[Start of Attachment]
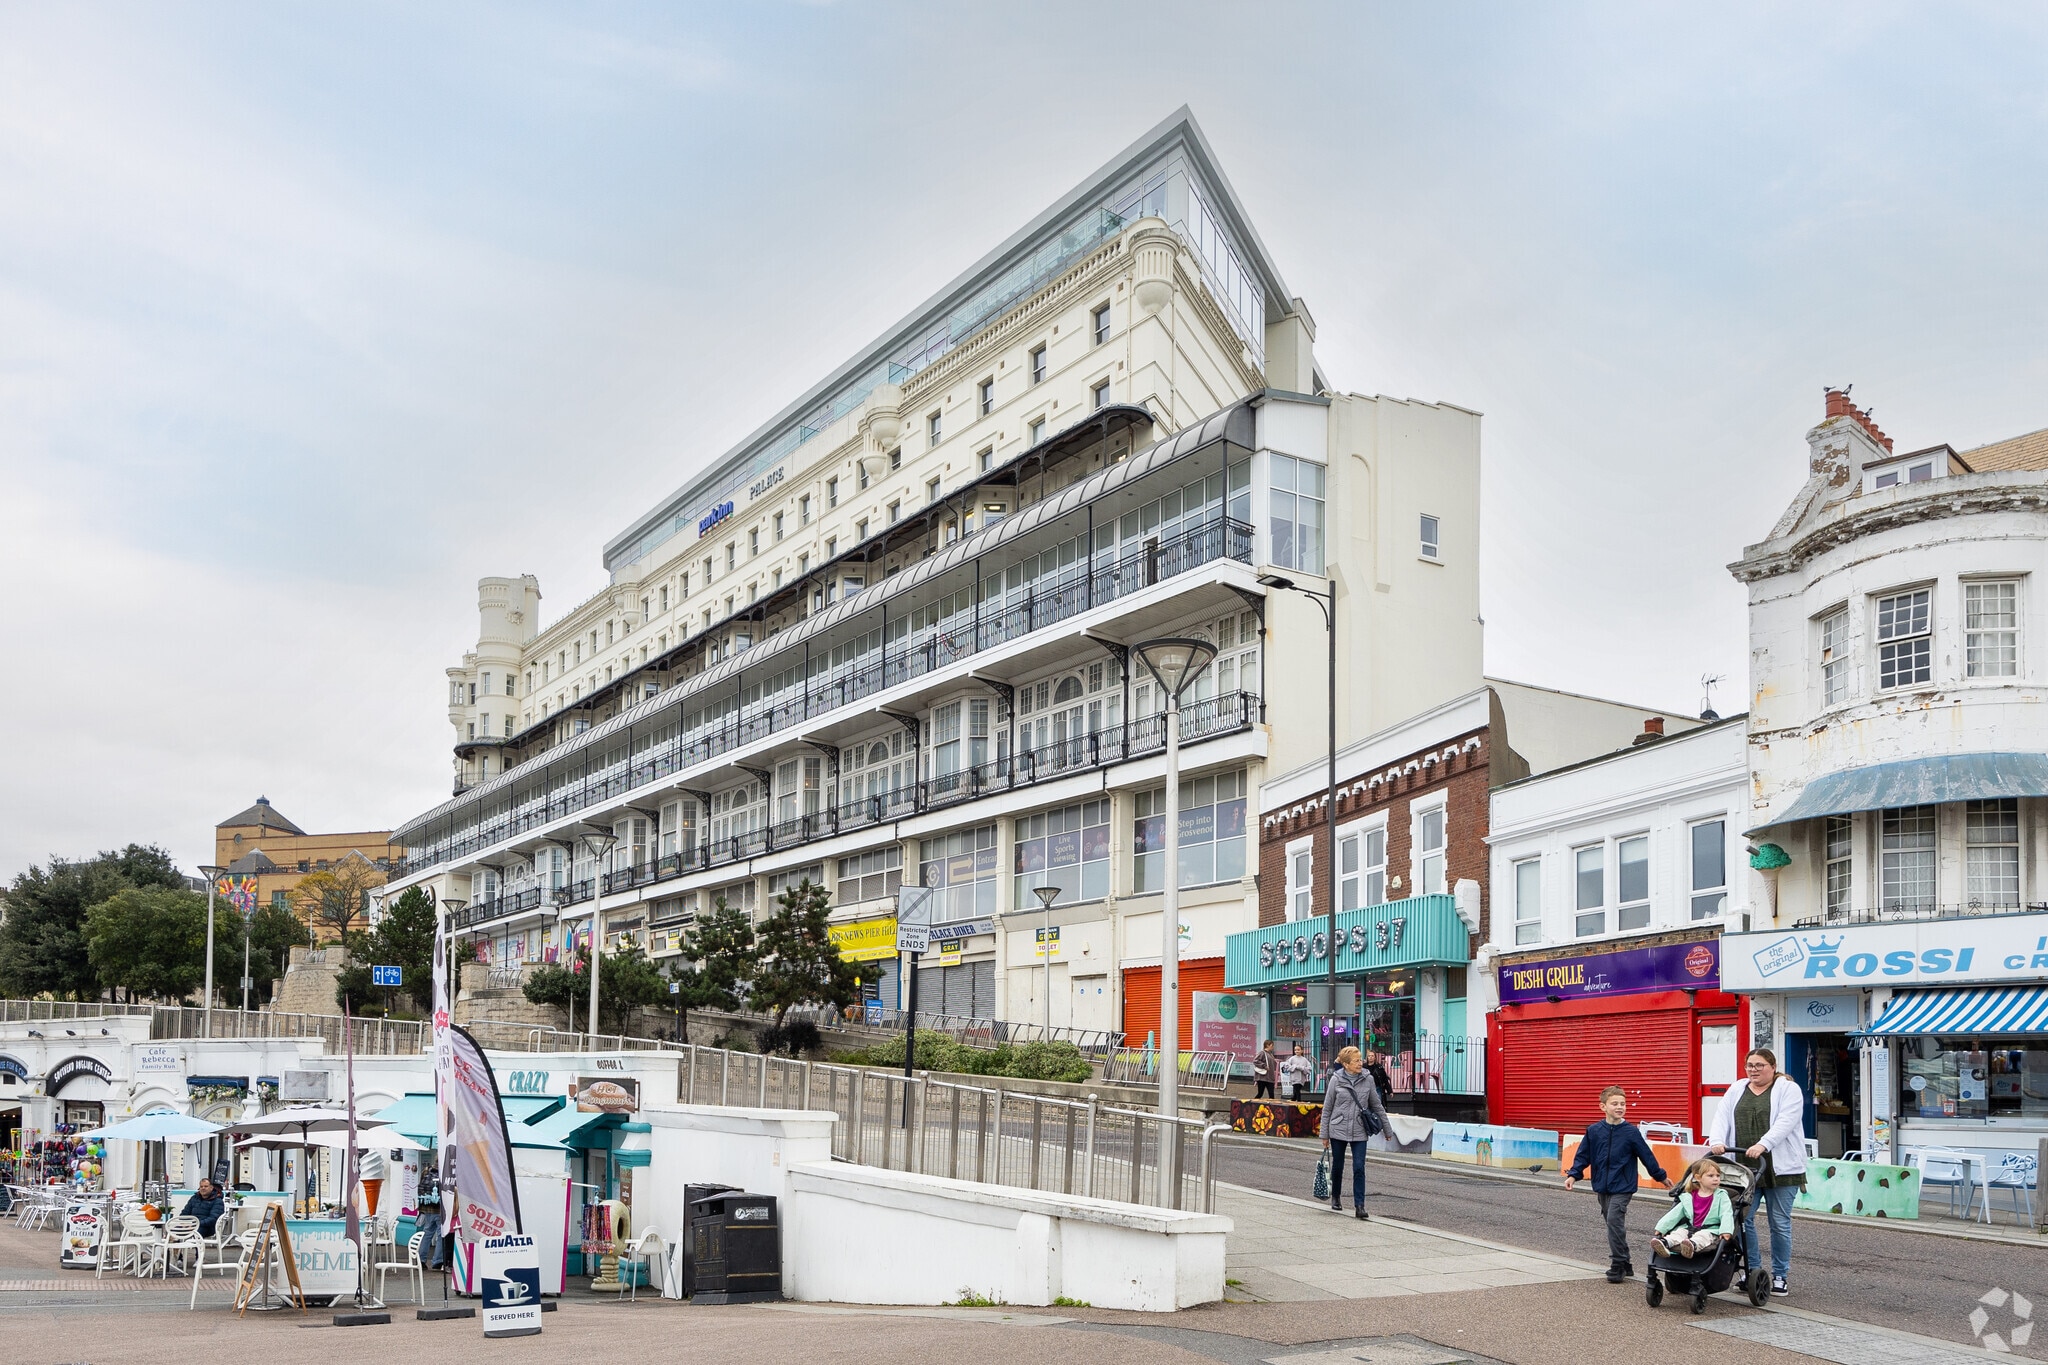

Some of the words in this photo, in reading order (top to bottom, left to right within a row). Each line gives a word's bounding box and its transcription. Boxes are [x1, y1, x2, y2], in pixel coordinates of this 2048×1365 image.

[750, 466, 784, 500] PALACE
[1178, 819, 1195, 829] Step
[1196, 814, 1212, 824] into
[1059, 835, 1071, 844] Live
[1054, 844, 1075, 854] Sports
[1053, 853, 1076, 863] viewing
[844, 929, 864, 941] NEWS
[866, 927, 881, 938] PIER
[900, 926, 928, 934] Restricted
[954, 924, 977, 937] DINER
[900, 940, 925, 949] ENDS
[943, 944, 958, 952] GRAY
[1260, 924, 1367, 968] SCOOPS
[1375, 917, 1407, 950] 37
[1768, 945, 1784, 957] the
[1689, 957, 1709, 965] Original
[1763, 948, 1798, 972] original
[1803, 947, 1975, 979] ROSSI
[1503, 968, 1513, 979] the
[1513, 968, 1544, 991] DESHI
[1546, 963, 1584, 989] GRILLE
[1583, 973, 1612, 993] adventure
[1806, 1000, 1836, 1017] Rossi
[141, 1056, 175, 1064] Rebecca
[453, 1055, 473, 1074] CE
[508, 1070, 549, 1093] CRAZY
[596, 1085, 617, 1094] HOT
[466, 1203, 505, 1229] SOLD
[471, 1219, 502, 1236] HER
[484, 1235, 534, 1248] LAVAZZA
[490, 1313, 516, 1321] SERVED
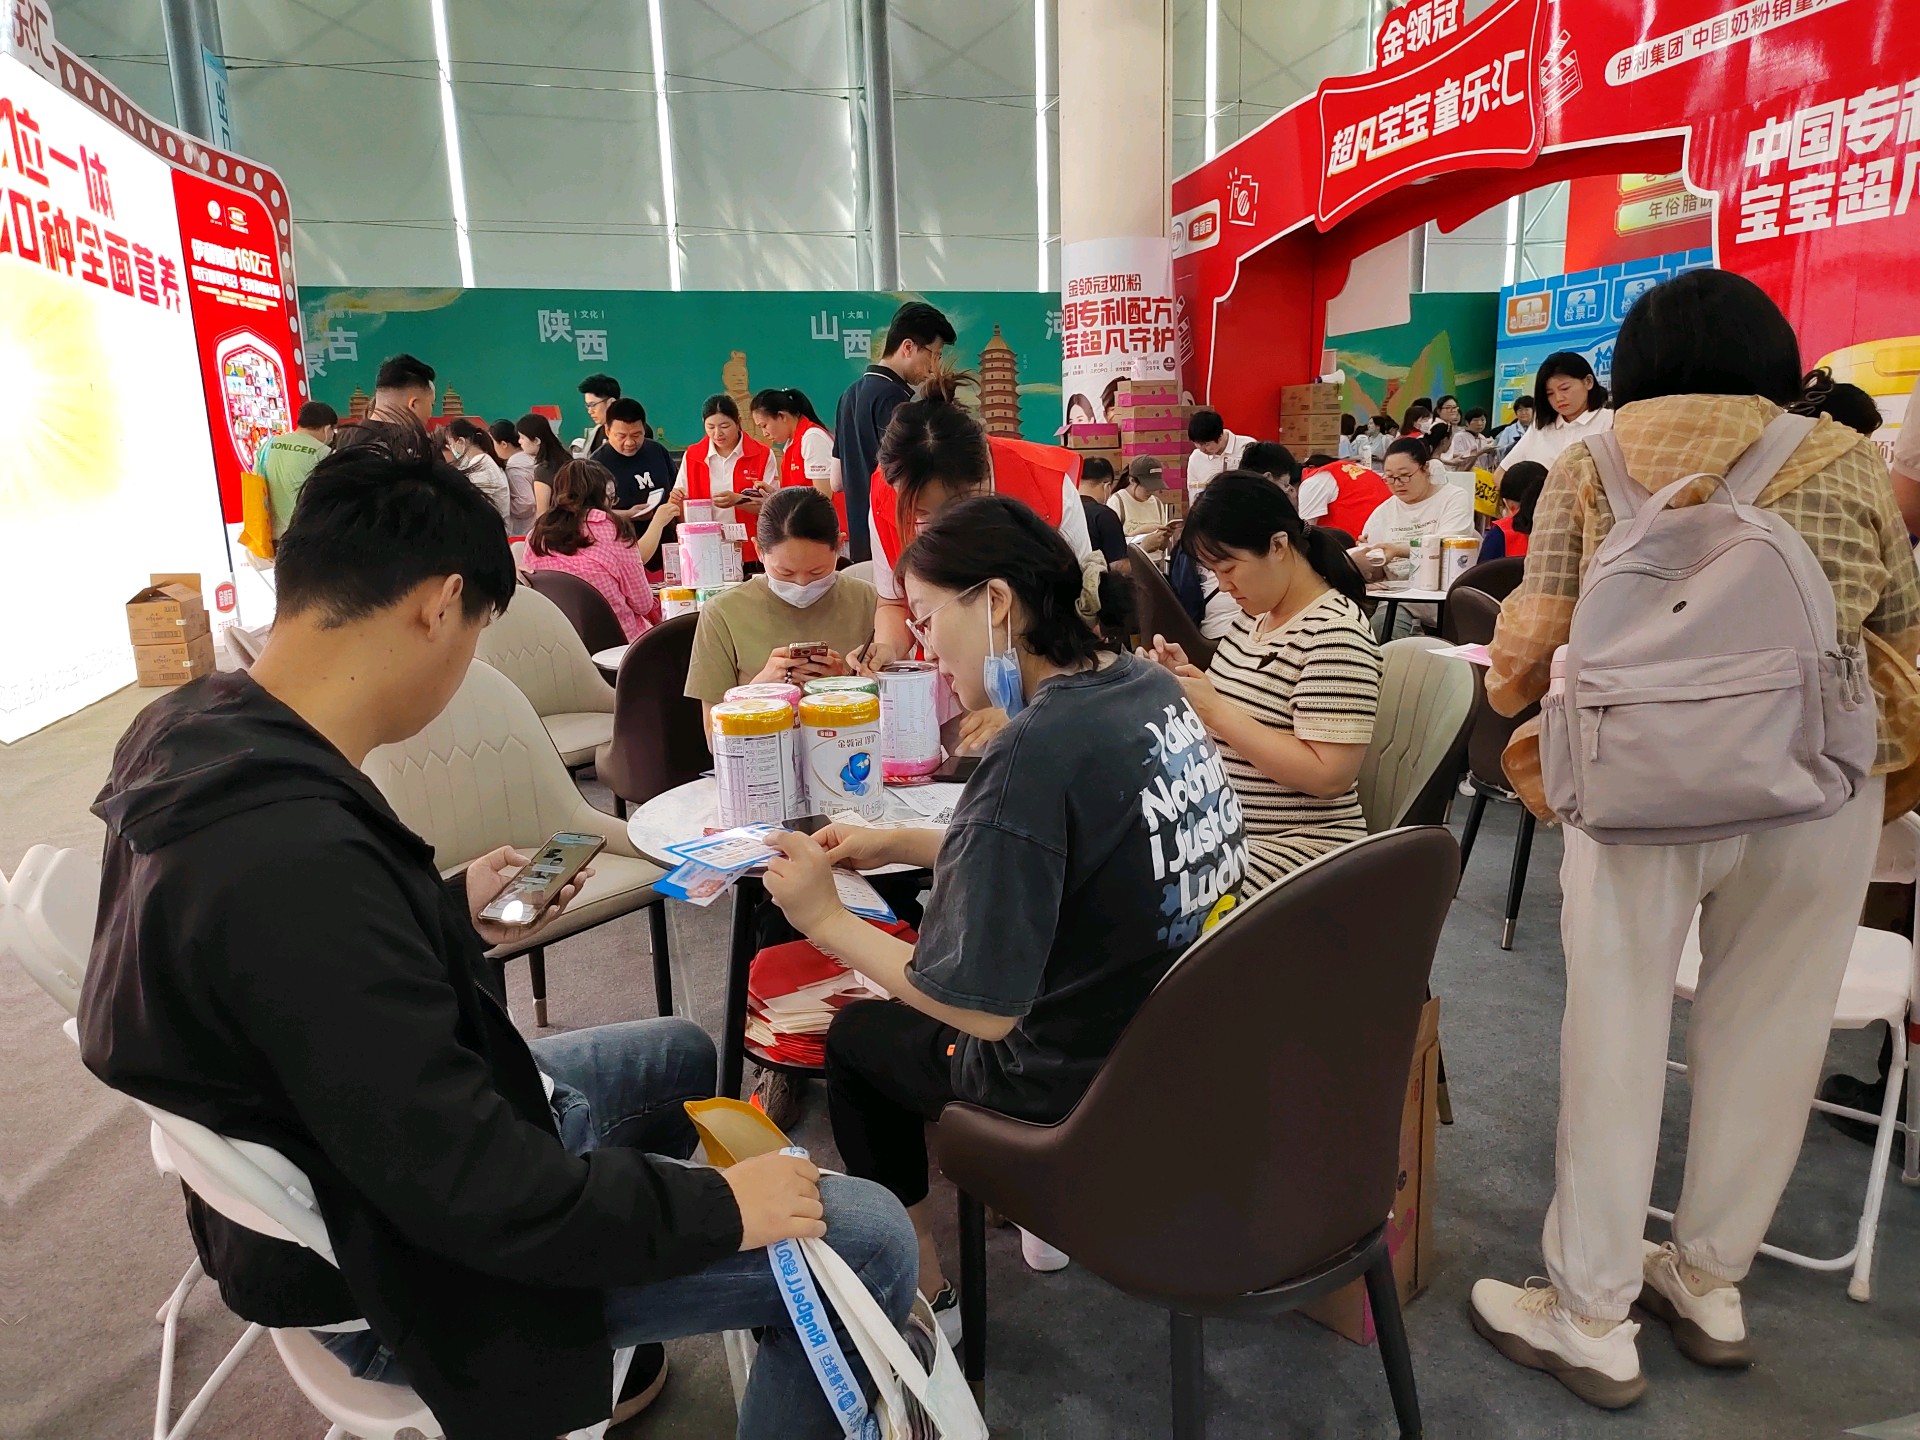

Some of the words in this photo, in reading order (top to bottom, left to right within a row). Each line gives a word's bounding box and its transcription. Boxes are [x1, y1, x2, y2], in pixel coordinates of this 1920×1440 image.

[1382, 0, 1458, 67] 金领冠
[1617, 35, 1684, 80] 伊利集团
[1327, 49, 1525, 177] 超凡宝宝童乐汇
[1068, 273, 1142, 298] 金领冠奶粉
[1578, 293, 1586, 304] 2
[1636, 282, 1646, 295] 3
[580, 310, 599, 319] 文化
[1062, 296, 1173, 331] 国专利配方
[1564, 304, 1598, 322] 检票口
[538, 309, 608, 361] 陕西
[811, 311, 872, 360] 山西
[1061, 326, 1175, 361] 宝超凡守护
[634, 472, 655, 490] M
[1150, 834, 1166, 880] I
[1170, 805, 1223, 873] Just
[End of Attachment]
◆ PROBLEM DESCRIPTION ◆
The pictures are not wanted, but every line of the listing should be duplicated exactly.

◆ ANSWER TO THIS PROBLEM ◆
Some of the words in this photo, in reading order (top to bottom, left to right within a row). Each line gives a word's bounding box and its transcription. Boxes are [x1, y1, x2, y2], in pixel coordinates of this 2048×1365 image.

[750, 466, 784, 500] PALACE
[1178, 819, 1195, 829] Step
[1196, 814, 1212, 824] into
[1059, 835, 1071, 844] Live
[1054, 844, 1075, 854] Sports
[1053, 853, 1076, 863] viewing
[844, 929, 864, 941] NEWS
[866, 927, 881, 938] PIER
[900, 926, 928, 934] Restricted
[954, 924, 977, 937] DINER
[900, 940, 925, 949] ENDS
[943, 944, 958, 952] GRAY
[1260, 924, 1367, 968] SCOOPS
[1375, 917, 1407, 950] 37
[1768, 945, 1784, 957] the
[1689, 957, 1709, 965] Original
[1763, 948, 1798, 972] original
[1803, 947, 1975, 979] ROSSI
[1503, 968, 1513, 979] the
[1513, 968, 1544, 991] DESHI
[1546, 963, 1584, 989] GRILLE
[1583, 973, 1612, 993] adventure
[1806, 1000, 1836, 1017] Rossi
[141, 1056, 175, 1064] Rebecca
[453, 1055, 473, 1074] CE
[508, 1070, 549, 1093] CRAZY
[596, 1085, 617, 1094] HOT
[466, 1203, 505, 1229] SOLD
[471, 1219, 502, 1236] HER
[484, 1235, 534, 1248] LAVAZZA
[490, 1313, 516, 1321] SERVED

Some of the words in this photo, in reading order (top to bottom, left to right within a row). Each line gives a word's bounding box and its transcription. Boxes are [x1, y1, x2, y2], in pixel coordinates of this 1920×1440 image.

[1382, 0, 1458, 67] 金领冠
[1617, 35, 1684, 80] 伊利集团
[1327, 49, 1525, 177] 超凡宝宝童乐汇
[1068, 273, 1142, 298] 金领冠奶粉
[1578, 293, 1586, 304] 2
[1636, 282, 1646, 295] 3
[580, 310, 599, 319] 文化
[1062, 296, 1173, 331] 国专利配方
[1564, 304, 1598, 322] 检票口
[538, 309, 608, 361] 陕西
[811, 311, 872, 360] 山西
[1061, 326, 1175, 361] 宝超凡守护
[634, 472, 655, 490] M
[1150, 834, 1166, 880] I
[1170, 805, 1223, 873] Just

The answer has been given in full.